**TASK TO COMPLETE:** Reproduce each entry below exactly as it appears.

**RECORD SET:**
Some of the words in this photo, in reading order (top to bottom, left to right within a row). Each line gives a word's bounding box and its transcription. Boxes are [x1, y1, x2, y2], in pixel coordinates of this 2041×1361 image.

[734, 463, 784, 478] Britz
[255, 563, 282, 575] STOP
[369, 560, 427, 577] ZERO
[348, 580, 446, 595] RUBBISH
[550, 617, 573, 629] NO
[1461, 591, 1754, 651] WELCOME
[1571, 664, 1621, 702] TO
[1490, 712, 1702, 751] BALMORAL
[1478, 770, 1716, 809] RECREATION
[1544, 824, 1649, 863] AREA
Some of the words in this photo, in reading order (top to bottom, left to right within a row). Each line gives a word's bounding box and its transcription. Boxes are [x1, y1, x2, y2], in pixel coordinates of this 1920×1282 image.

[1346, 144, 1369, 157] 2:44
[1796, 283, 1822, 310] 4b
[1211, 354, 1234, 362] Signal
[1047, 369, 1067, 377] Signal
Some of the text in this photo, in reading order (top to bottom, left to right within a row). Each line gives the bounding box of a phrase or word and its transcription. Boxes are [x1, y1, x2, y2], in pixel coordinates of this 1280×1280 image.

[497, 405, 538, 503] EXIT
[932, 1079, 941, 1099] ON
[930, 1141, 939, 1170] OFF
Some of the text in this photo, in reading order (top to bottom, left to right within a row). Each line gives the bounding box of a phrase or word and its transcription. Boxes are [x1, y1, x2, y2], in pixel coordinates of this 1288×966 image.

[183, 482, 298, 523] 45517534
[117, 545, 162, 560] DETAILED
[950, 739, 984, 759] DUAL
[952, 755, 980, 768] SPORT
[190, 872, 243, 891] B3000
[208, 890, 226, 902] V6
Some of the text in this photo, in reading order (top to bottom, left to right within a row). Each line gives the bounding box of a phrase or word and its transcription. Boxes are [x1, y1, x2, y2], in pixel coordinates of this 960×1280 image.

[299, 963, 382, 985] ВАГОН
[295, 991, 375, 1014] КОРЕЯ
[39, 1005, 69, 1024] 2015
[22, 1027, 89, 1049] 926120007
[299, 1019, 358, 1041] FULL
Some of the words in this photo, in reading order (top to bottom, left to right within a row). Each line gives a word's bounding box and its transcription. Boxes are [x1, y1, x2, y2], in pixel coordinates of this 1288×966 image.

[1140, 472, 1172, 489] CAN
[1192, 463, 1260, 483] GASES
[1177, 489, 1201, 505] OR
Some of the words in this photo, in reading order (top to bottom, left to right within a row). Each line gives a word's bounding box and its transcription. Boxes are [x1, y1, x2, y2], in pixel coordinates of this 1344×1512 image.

**RESULT OF THIS TASK:**
Some of the words in this photo, in reading order (top to bottom, left to right within a row). Each line gives a word's bounding box and its transcription. Boxes are [x1, y1, x2, y2], in pixel coordinates of this 2041×1361 image.

[734, 463, 784, 478] Britz
[255, 563, 282, 575] STOP
[369, 560, 427, 577] ZERO
[348, 580, 446, 595] RUBBISH
[550, 617, 573, 629] NO
[1461, 591, 1754, 651] WELCOME
[1571, 664, 1621, 702] TO
[1490, 712, 1702, 751] BALMORAL
[1478, 770, 1716, 809] RECREATION
[1544, 824, 1649, 863] AREA
Some of the words in this photo, in reading order (top to bottom, left to right within a row). Each line gives a word's bounding box and its transcription. Boxes are [x1, y1, x2, y2], in pixel coordinates of this 1920×1282 image.

[1346, 144, 1369, 157] 2:44
[1796, 283, 1822, 310] 4b
[1211, 354, 1234, 362] Signal
[1047, 369, 1067, 377] Signal
Some of the text in this photo, in reading order (top to bottom, left to right within a row). Each line gives the bounding box of a phrase or word and its transcription. Boxes are [x1, y1, x2, y2], in pixel coordinates of this 1280×1280 image.

[497, 405, 538, 503] EXIT
[932, 1079, 941, 1099] ON
[930, 1141, 939, 1170] OFF
Some of the text in this photo, in reading order (top to bottom, left to right within a row). Each line gives the bounding box of a phrase or word and its transcription. Boxes are [x1, y1, x2, y2], in pixel coordinates of this 1288×966 image.

[183, 482, 298, 523] 45517534
[117, 545, 162, 560] DETAILED
[950, 739, 984, 759] DUAL
[952, 755, 980, 768] SPORT
[190, 872, 243, 891] B3000
[208, 890, 226, 902] V6
Some of the text in this photo, in reading order (top to bottom, left to right within a row). Each line gives the bounding box of a phrase or word and its transcription. Boxes are [x1, y1, x2, y2], in pixel coordinates of this 960×1280 image.

[299, 963, 382, 985] ВАГОН
[295, 991, 375, 1014] КОРЕЯ
[39, 1005, 69, 1024] 2015
[22, 1027, 89, 1049] 926120007
[299, 1019, 358, 1041] FULL
Some of the words in this photo, in reading order (top to bottom, left to right within a row). Each line gives a word's bounding box and its transcription. Boxes are [x1, y1, x2, y2], in pixel coordinates of this 1288×966 image.

[1140, 472, 1172, 489] CAN
[1192, 463, 1260, 483] GASES
[1177, 489, 1201, 505] OR
Some of the words in this photo, in reading order (top to bottom, left to right within a row). Each line gives a word's bounding box and its transcription. Boxes are [x1, y1, x2, y2], in pixel coordinates of this 1344×1512 image.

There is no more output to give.